Wooden boards are the most popular, as well as environmentally friendly and most beautiful. They are great for laminate. This can be noticed even by photo. However, with all this, they are inferior in flexibility by plastic threshing. And therefore they are not used with a wavy junction. I would also like to note that wooden springs are whimsally in operation and require special care.

Plastic bridges

For a wave-like joint, the flakmets are perfectly suitable. They are relatively recently on the market, but they quickly become popular and in demand. The thresholds begged well, taking the right shape and protecting the joint from dust and dirt.

Metal brewing

If you want to use a more durable material for the clad, then choose the metal. Metal threshings are perfect for any interior, as you can choose the desired color of the material from the diversity presented in the market. Metal flags can be chosen in the color of laminate or tiles, as well as consider the color option of any interior elements and thereby emphasize the design.

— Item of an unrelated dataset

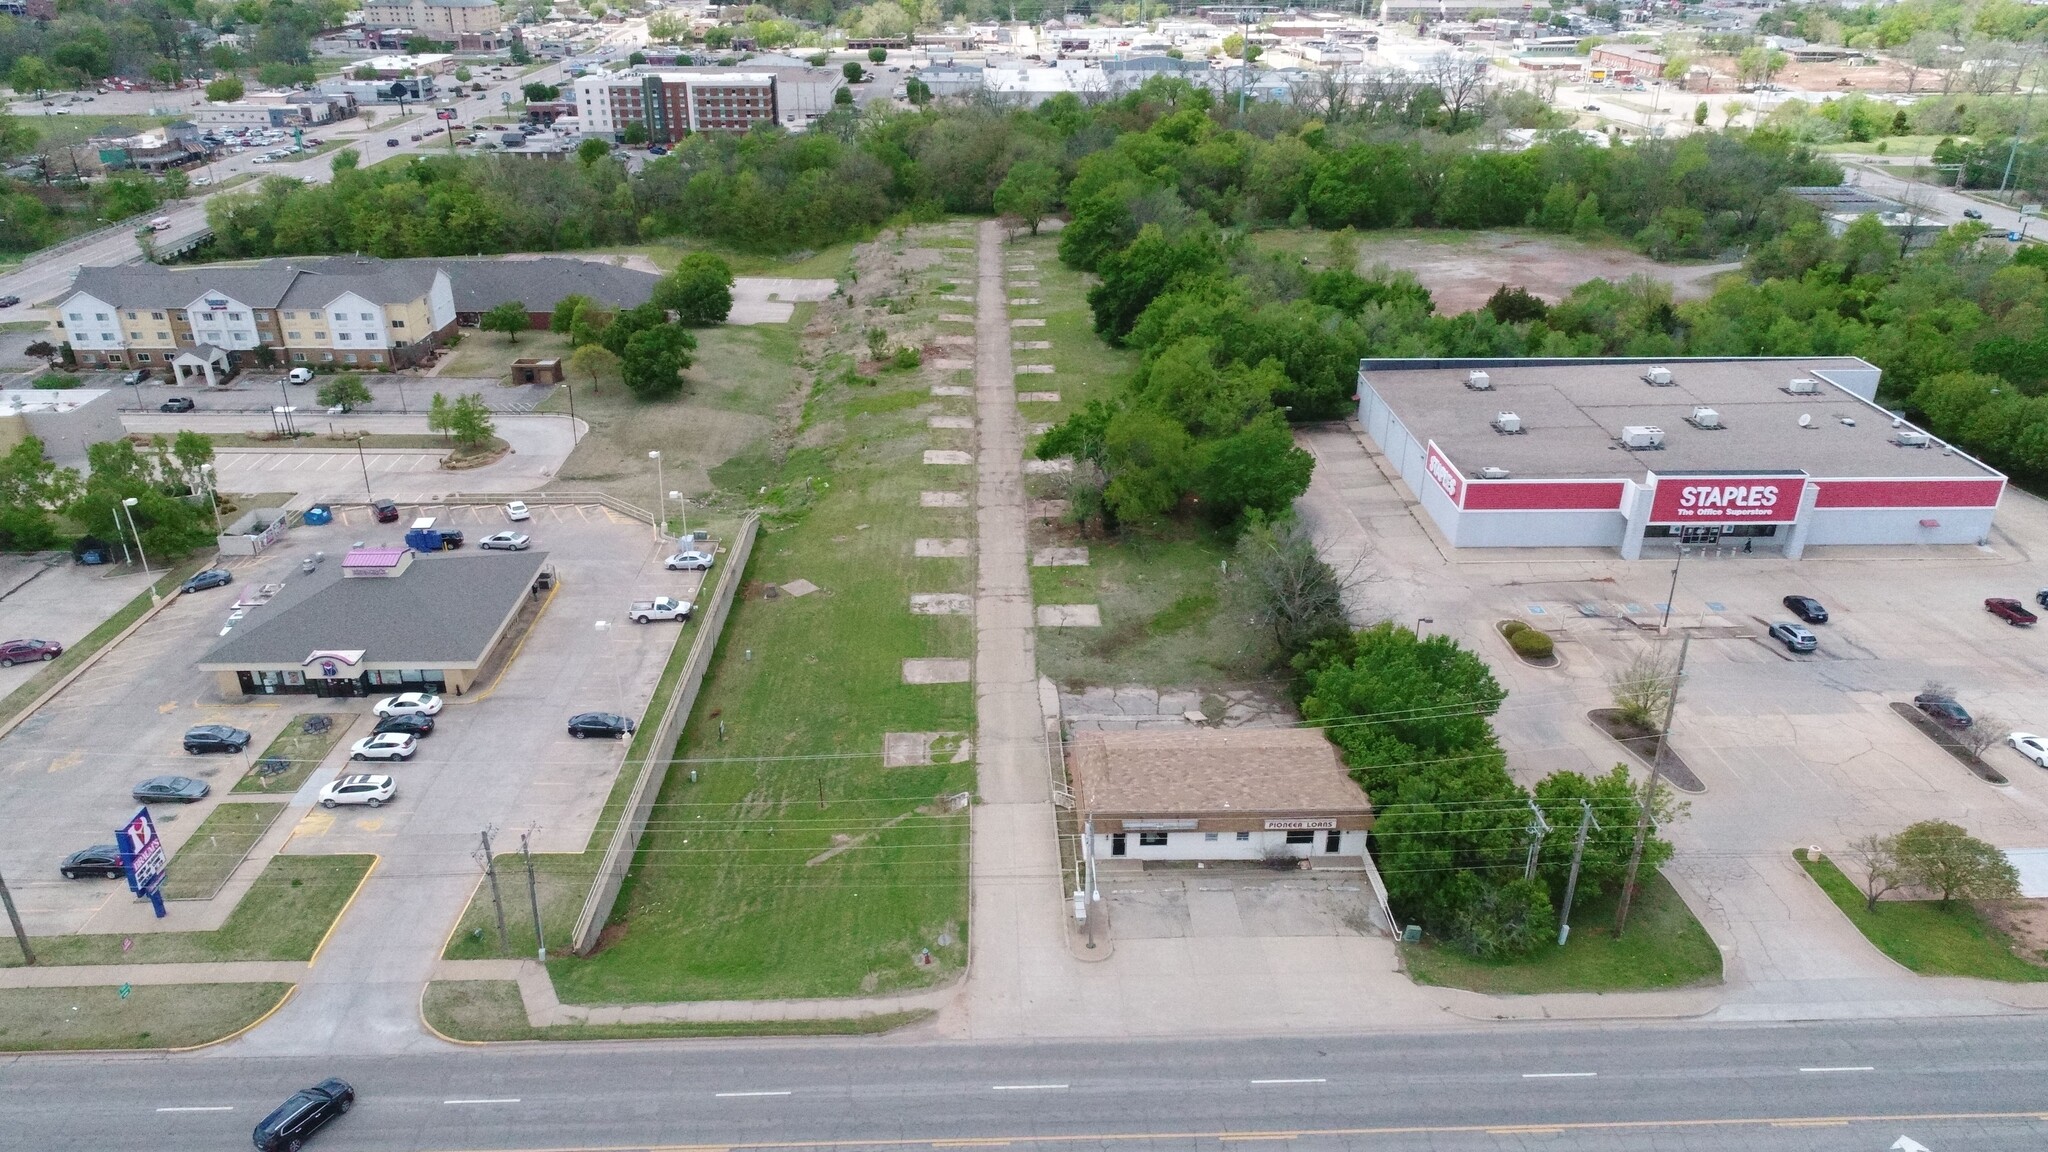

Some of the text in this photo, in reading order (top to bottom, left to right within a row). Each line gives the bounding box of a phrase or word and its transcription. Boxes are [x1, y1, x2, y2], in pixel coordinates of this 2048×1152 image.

[1680, 486, 1779, 506] STAPLES
[1678, 508, 1773, 516] The Office Superstore
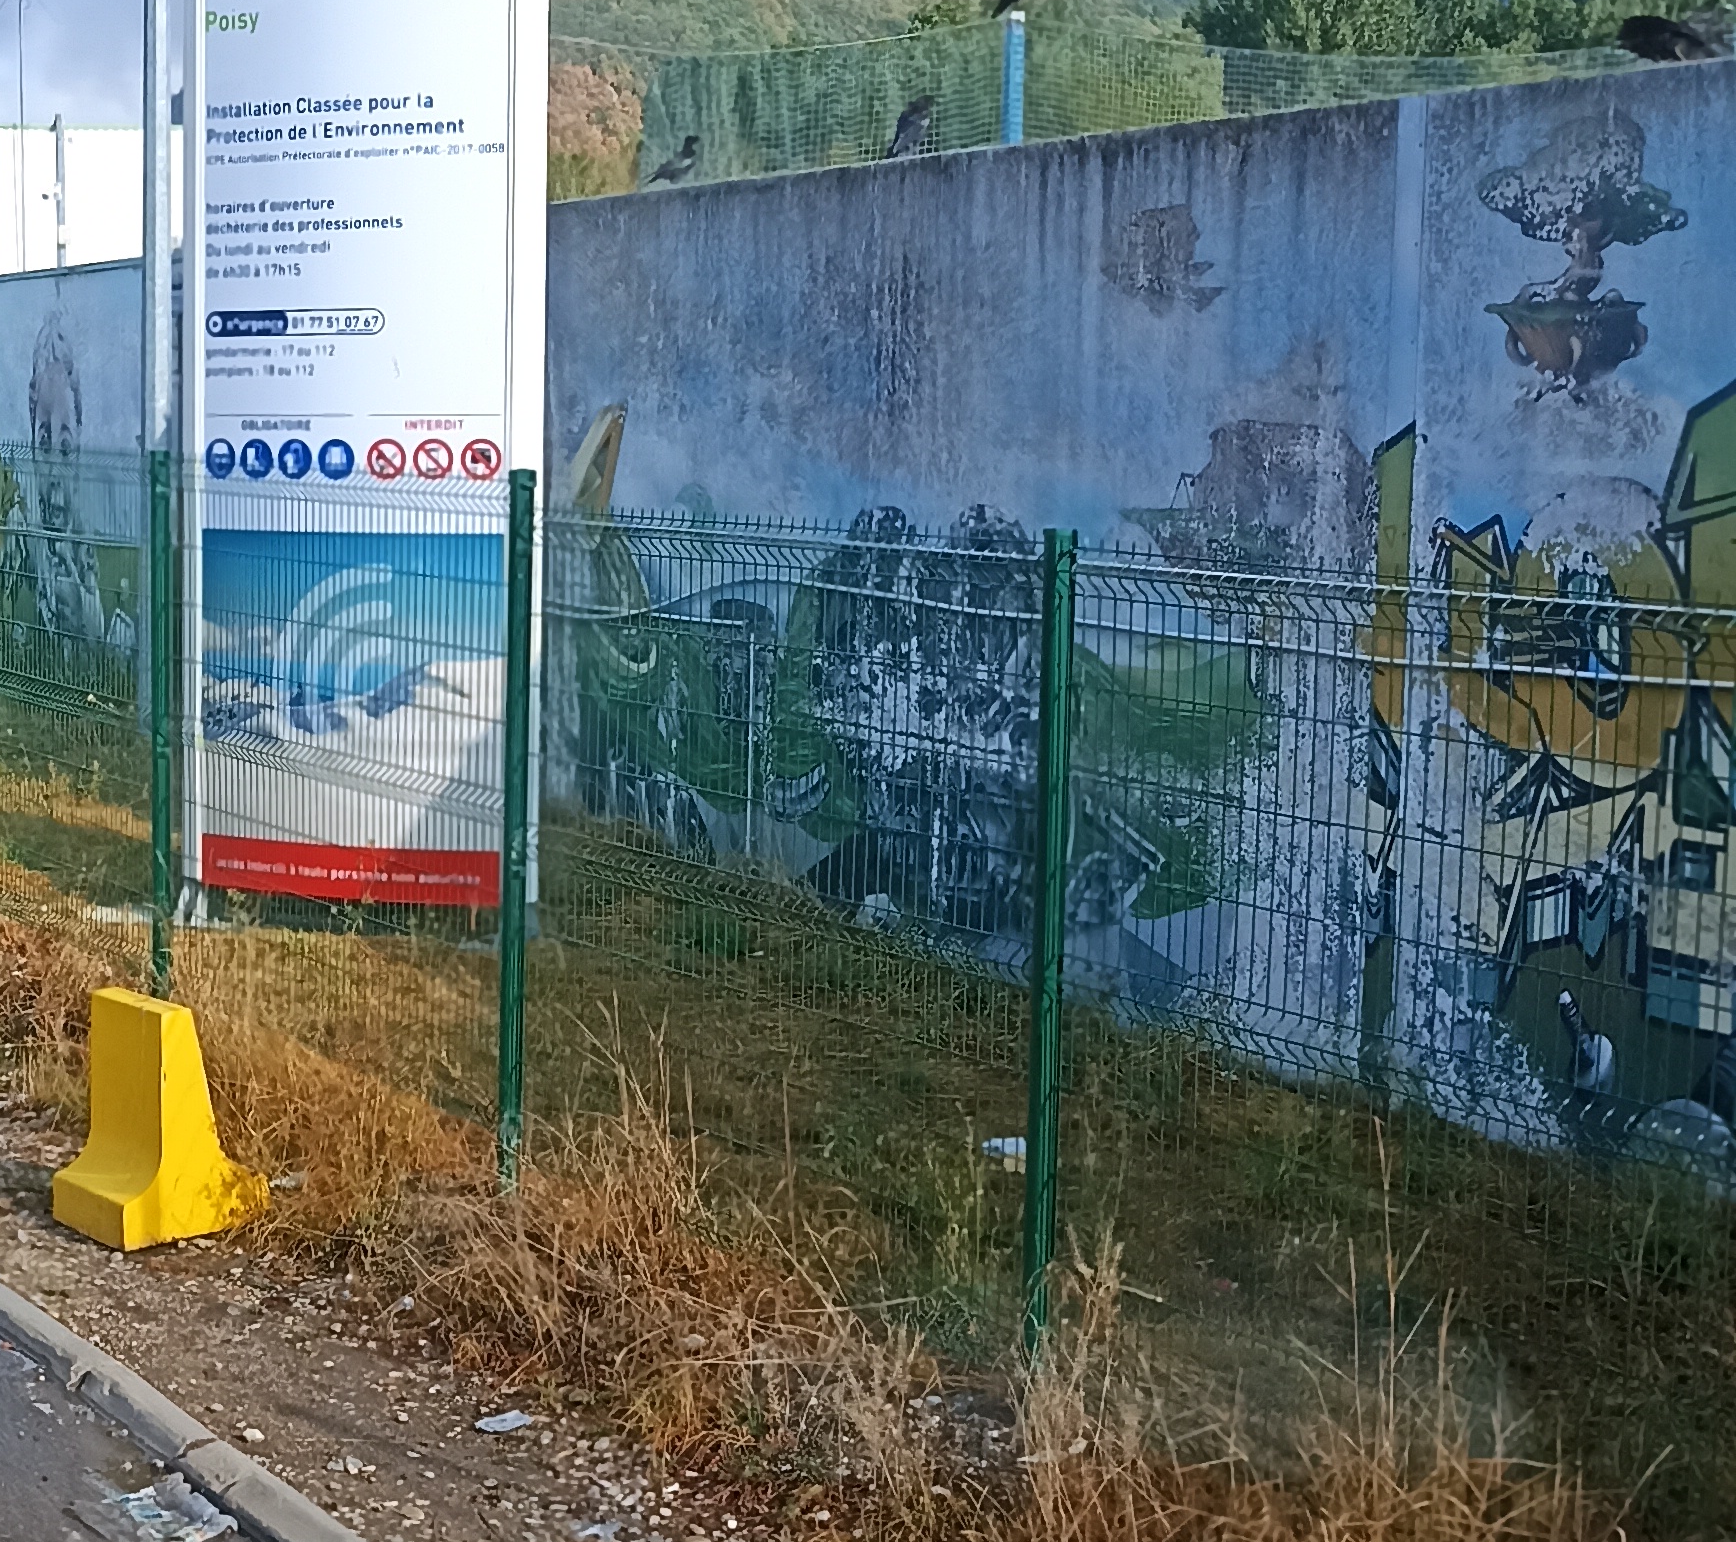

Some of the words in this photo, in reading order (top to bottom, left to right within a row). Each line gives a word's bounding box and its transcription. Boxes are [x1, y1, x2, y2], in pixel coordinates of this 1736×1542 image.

If there was a situation that laminate and tile lie at different levels, then in this case you can use a multi-level metal spawning, which will help smooth the difference.

Aluminum and rubber threshing

Aluminum thresholds are used mainly with smooth joints. And for wave-like joints, rubber threshings are better. Will not be much difficulty. This work can be made with your own hands and in just a few minutes. Just do not forget to leave 0.5 cm between materials. To secure the thresholds, it is necessary to make holes in the screed for screws. As a rule, they are sold complete with a spawning. It is enough to fasten the thugs with screws to be fixed.

Fastening of browsing

It happens that there are no screws in the kit. In this case, the flags between tiles and laminate can be secured in a different way. Immediately you need to fill the slot with silicone sealant so that dust and moisture fall into the gap. As an attachment of the thresholds, you can use fastening rails that are screwed by self-drawing to the screed. It is on the fastening rails then the threshings for laminate and tiles are attached. Alternatively, you can use liquid nails.

Flexible threshold or molding

To close the wave-like joints of various materials, you can use the flexible imposition. It is installed on a plastic profile with bulges, with which it is attached to the floor coating. Extra fixation is required with screws. So that the molding was more flexible, before it is installed, it is worth omitting the thresholds in warm water for about 20-30.

Why use thresholds and moldings

Railings or molding is necessary to close the bog between tiles and laminate, and give it an attractive appearance. Also, the bellows prevent dust and moisture from entering, which will save your laminate from the inside. The threshings also hide the narrowing and expansion of the laminate. And also allows zoning space.